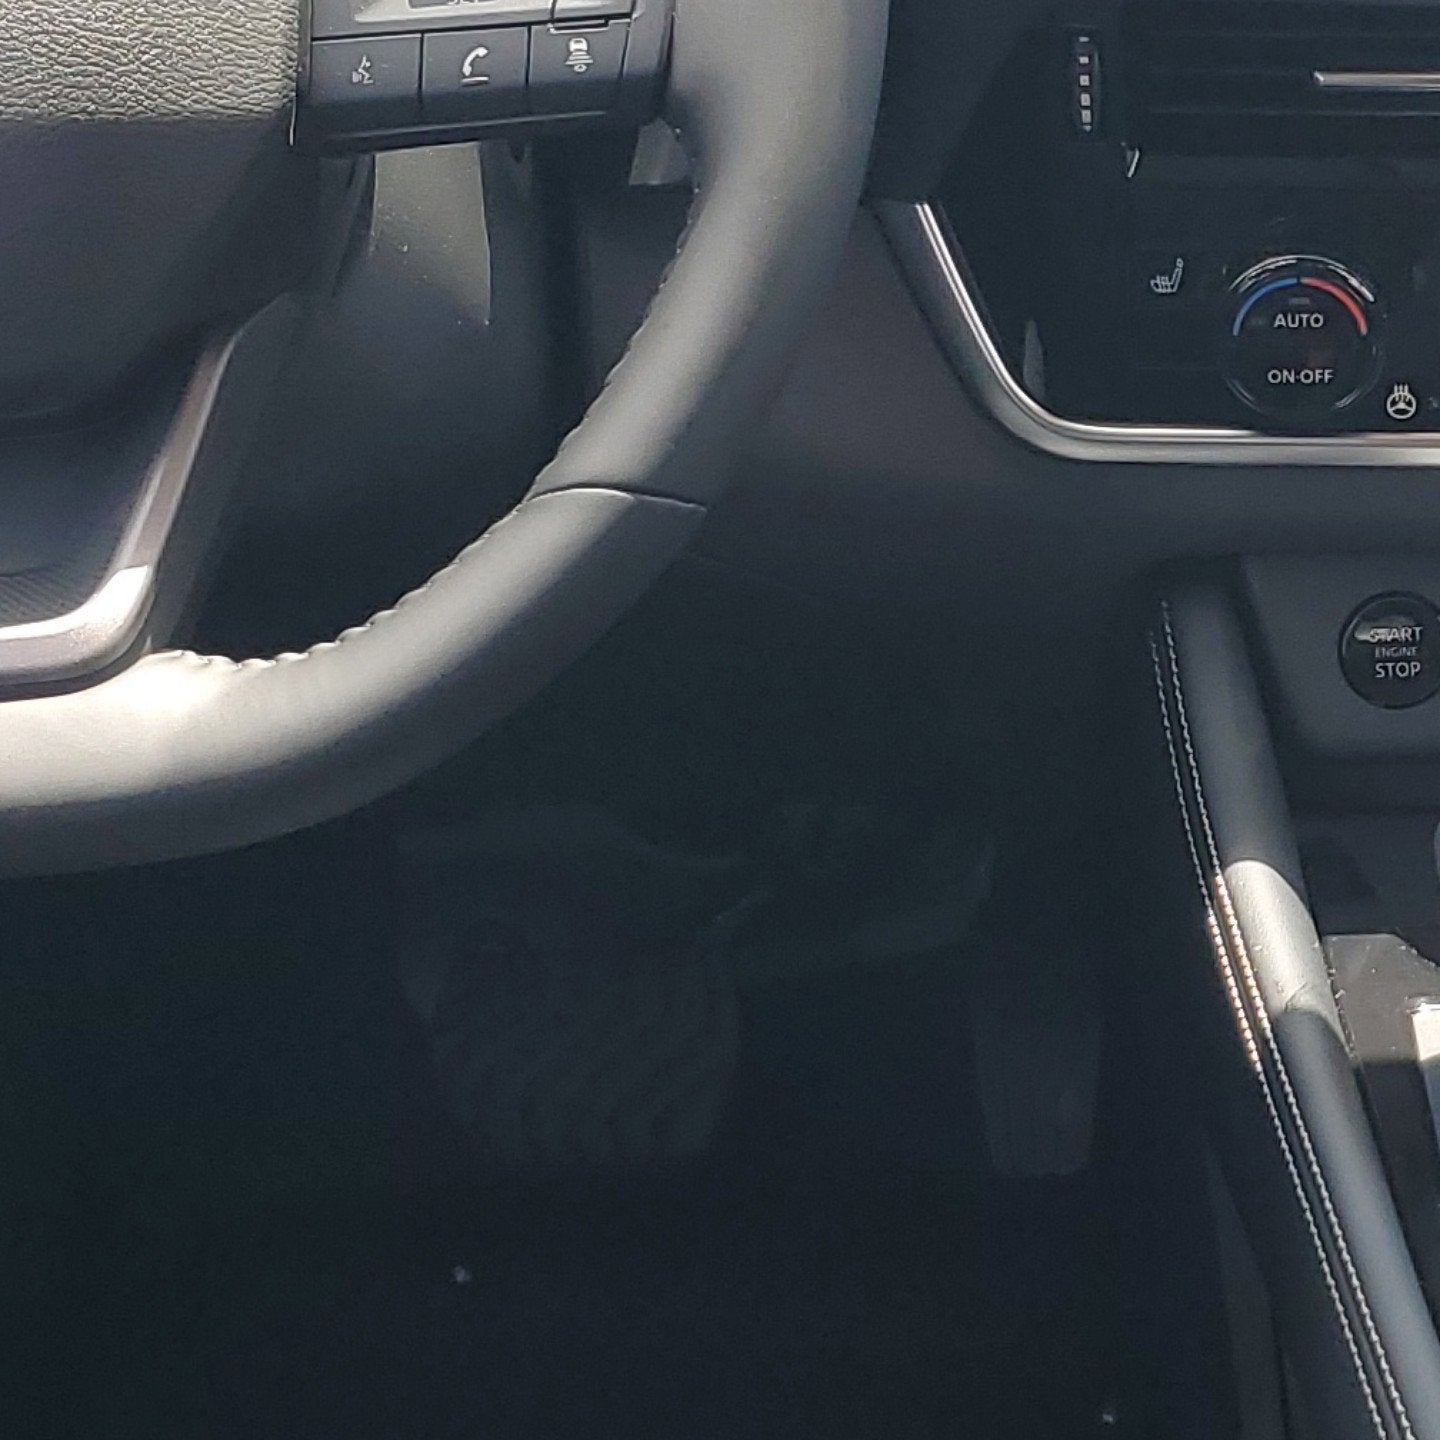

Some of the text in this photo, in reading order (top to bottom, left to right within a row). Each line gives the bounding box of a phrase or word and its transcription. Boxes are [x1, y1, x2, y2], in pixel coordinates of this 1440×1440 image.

[1273, 313, 1324, 328] AUTO
[1369, 626, 1423, 643] START
[1375, 661, 1421, 678] STOP
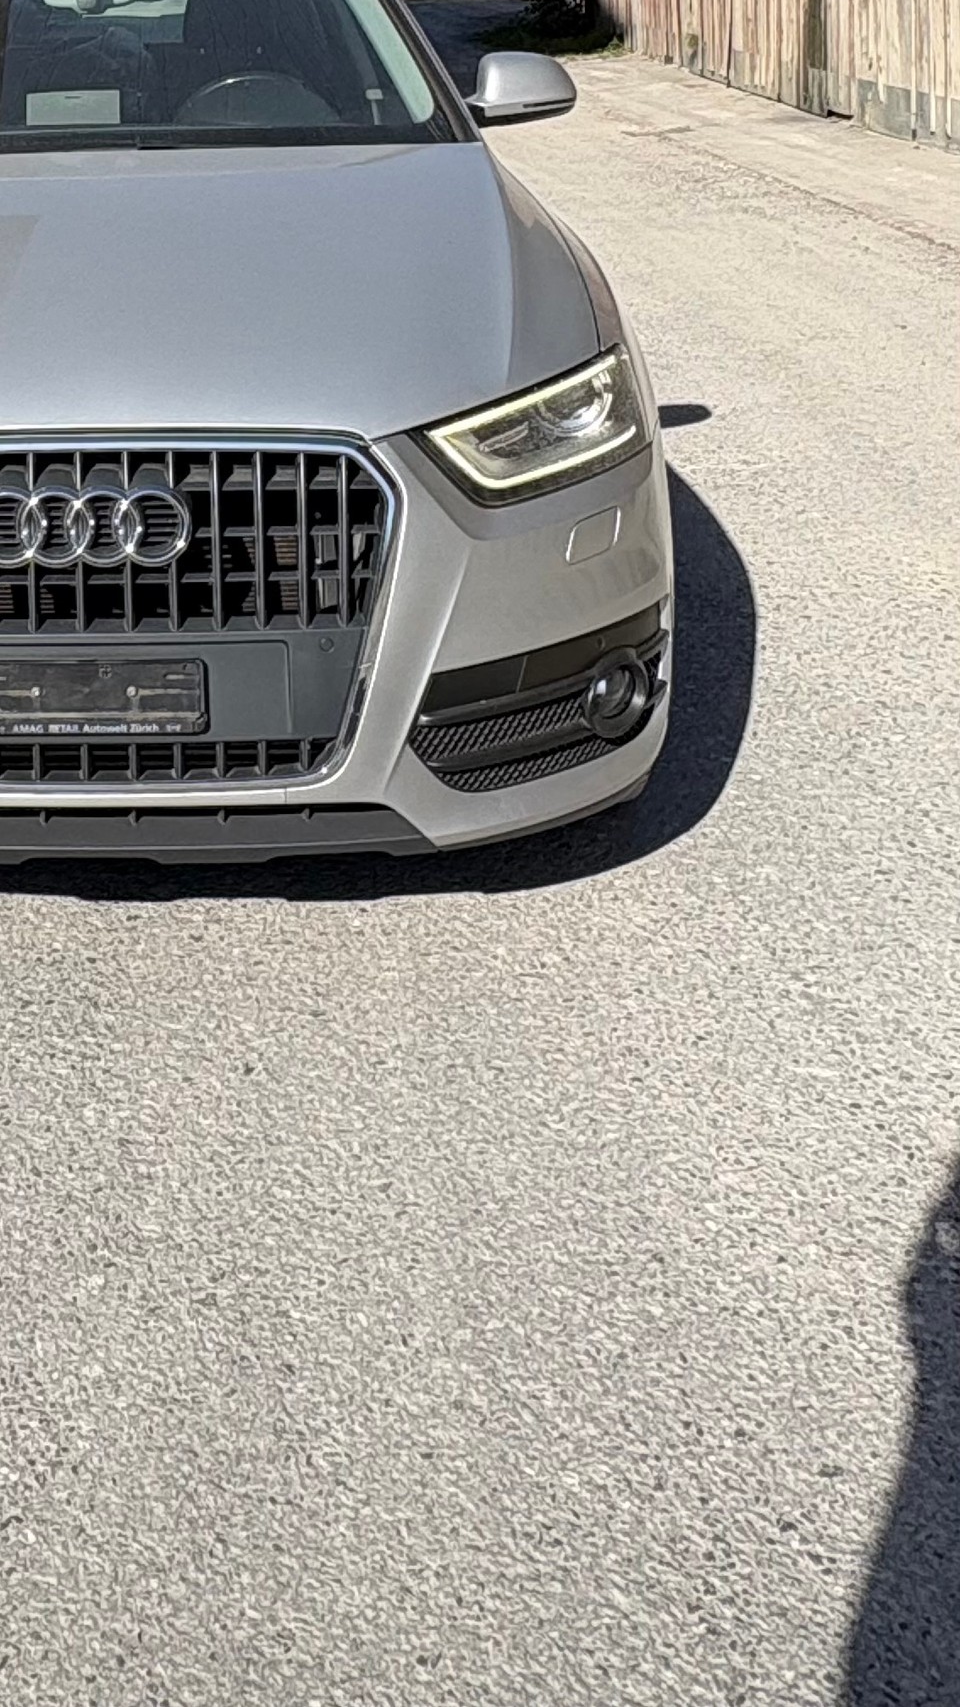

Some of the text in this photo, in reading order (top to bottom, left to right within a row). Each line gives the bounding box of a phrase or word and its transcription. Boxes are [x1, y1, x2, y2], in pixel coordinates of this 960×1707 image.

[12, 724, 43, 733] AMAG
[82, 723, 128, 733] Autowelt
[129, 723, 160, 733] Zürich
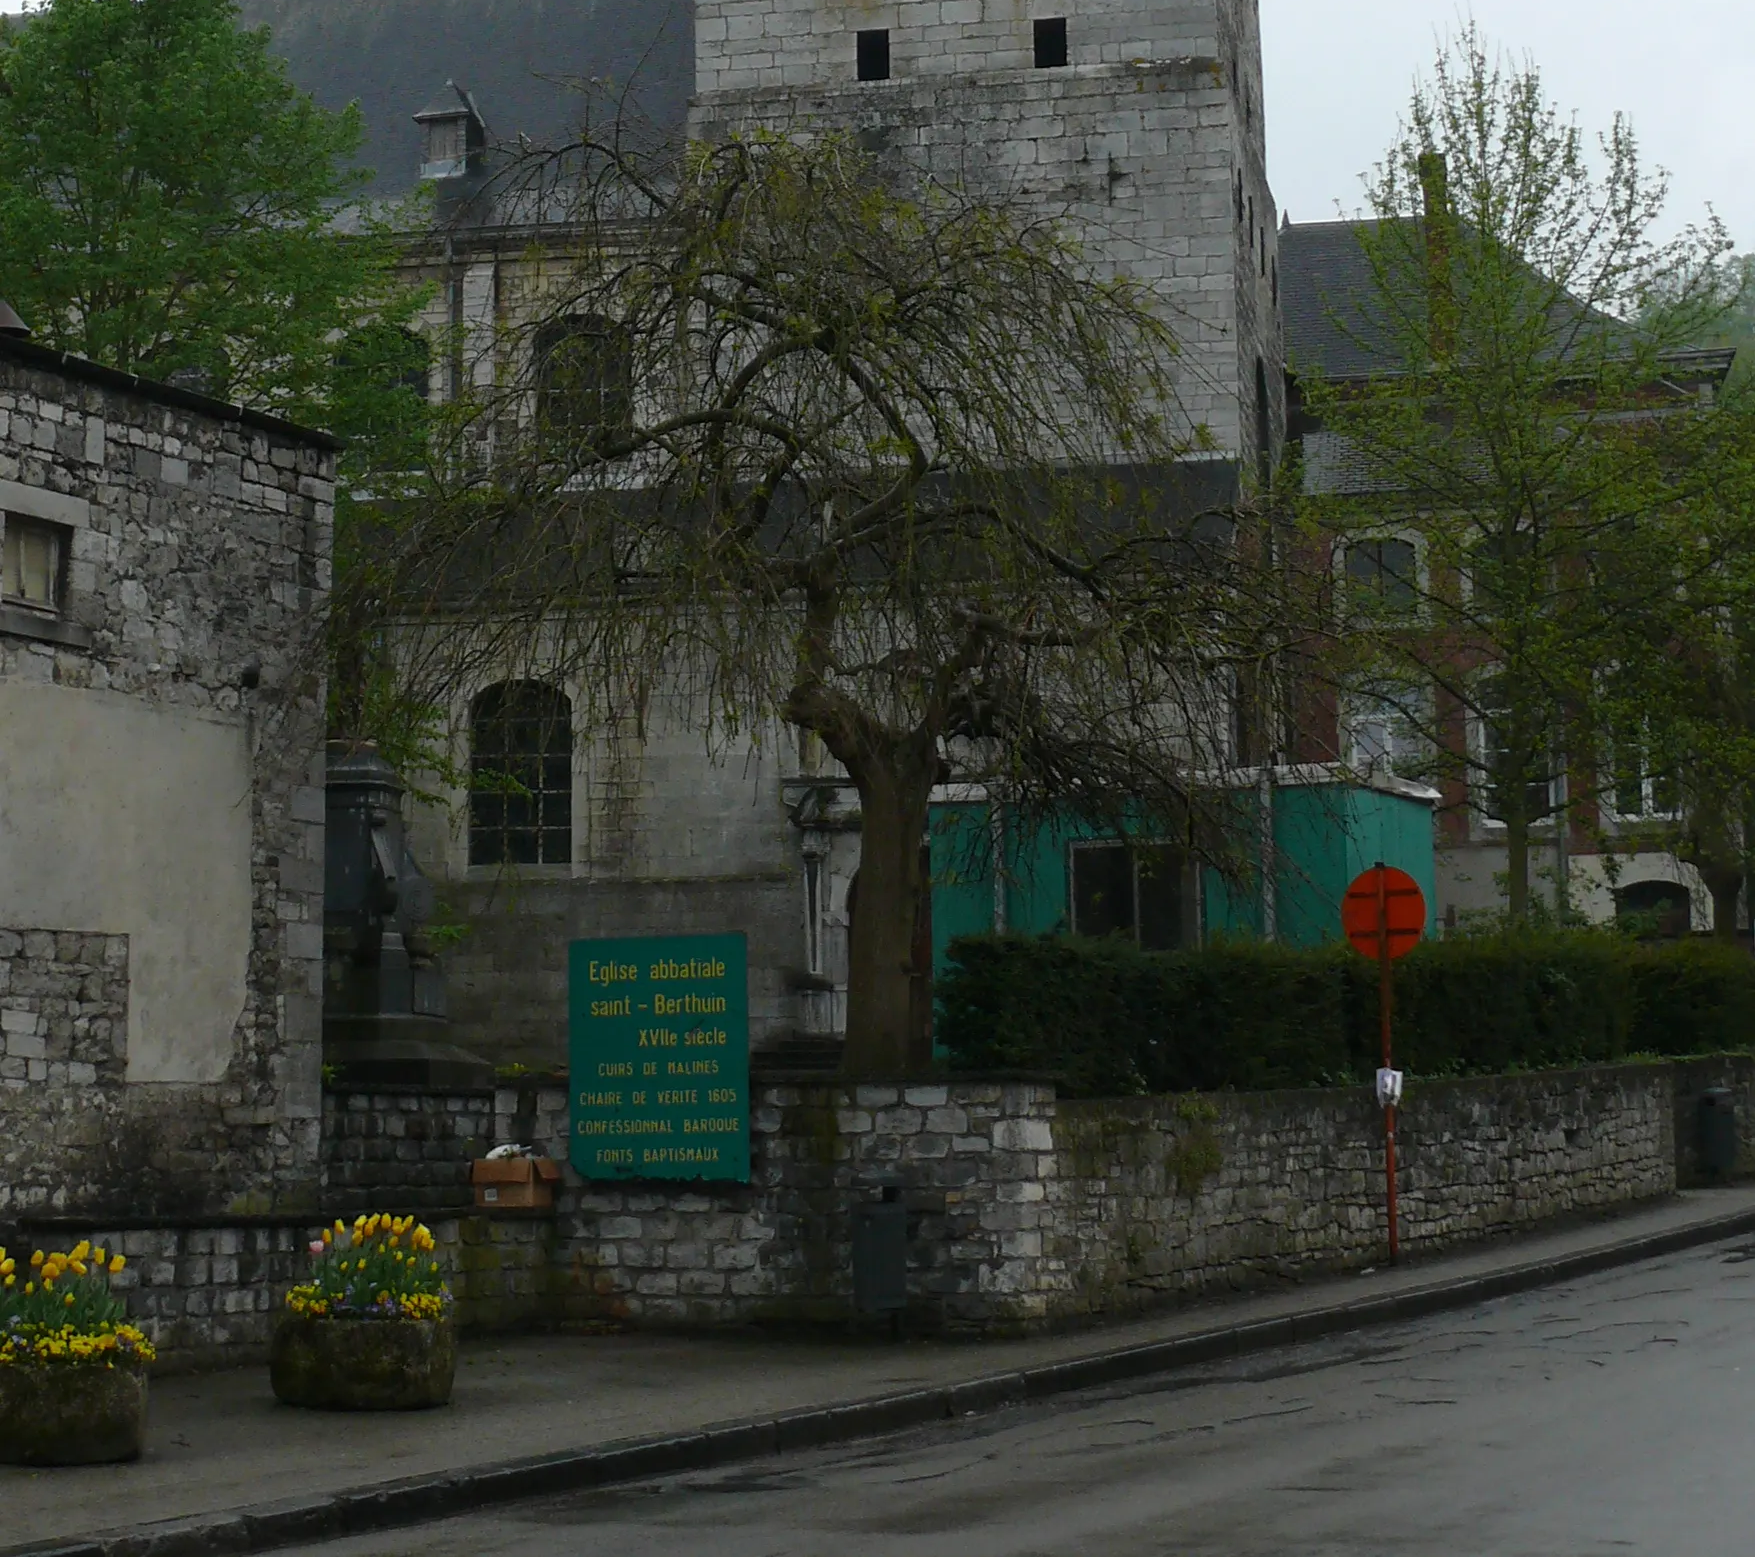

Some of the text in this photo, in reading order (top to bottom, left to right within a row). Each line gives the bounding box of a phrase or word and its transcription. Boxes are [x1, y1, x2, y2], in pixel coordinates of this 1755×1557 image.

[589, 957, 726, 987] Eglise abbatiale
[591, 995, 631, 1016] saint
[654, 992, 726, 1015] Berthuin
[684, 1027, 726, 1045] siècle
[598, 1060, 719, 1076] CUIRS DE MALINES
[580, 1089, 736, 1106] CHAIRE DE VERITE 1605
[578, 1118, 740, 1134] CONFESSIONNAL BAROQUE
[596, 1147, 719, 1163] FONTS BAPTISMAUX

------------------------------------------------------------

» **Task objective**
Each entry above is to be written out exactly. The pictures stay out.

» **Output of the task**
Some of the text in this photo, in reading order (top to bottom, left to right within a row). Each line gives the bounding box of a phrase or word and its transcription. Boxes are [x1, y1, x2, y2], in pixel coordinates of this 1440×1440 image.

[1273, 313, 1324, 328] AUTO
[1369, 626, 1423, 643] START
[1375, 661, 1421, 678] STOP

Some of the text in this photo, in reading order (top to bottom, left to right within a row). Each line gives the bounding box of a phrase or word and its transcription. Boxes are [x1, y1, x2, y2], in pixel coordinates of this 960×1707 image.

[12, 724, 43, 733] AMAG
[82, 723, 128, 733] Autowelt
[129, 723, 160, 733] Zürich

Some of the text in this photo, in reading order (top to bottom, left to right within a row). Each line gives the bounding box of a phrase or word and its transcription. Boxes are [x1, y1, x2, y2], in pixel coordinates of this 1755×1557 image.

[589, 957, 726, 987] Eglise abbatiale
[591, 995, 631, 1016] saint
[654, 992, 726, 1015] Berthuin
[684, 1027, 726, 1045] siècle
[598, 1060, 719, 1076] CUIRS DE MALINES
[580, 1089, 736, 1106] CHAIRE DE VERITE 1605
[578, 1118, 740, 1134] CONFESSIONNAL BAROQUE
[596, 1147, 719, 1163] FONTS BAPTISMAUX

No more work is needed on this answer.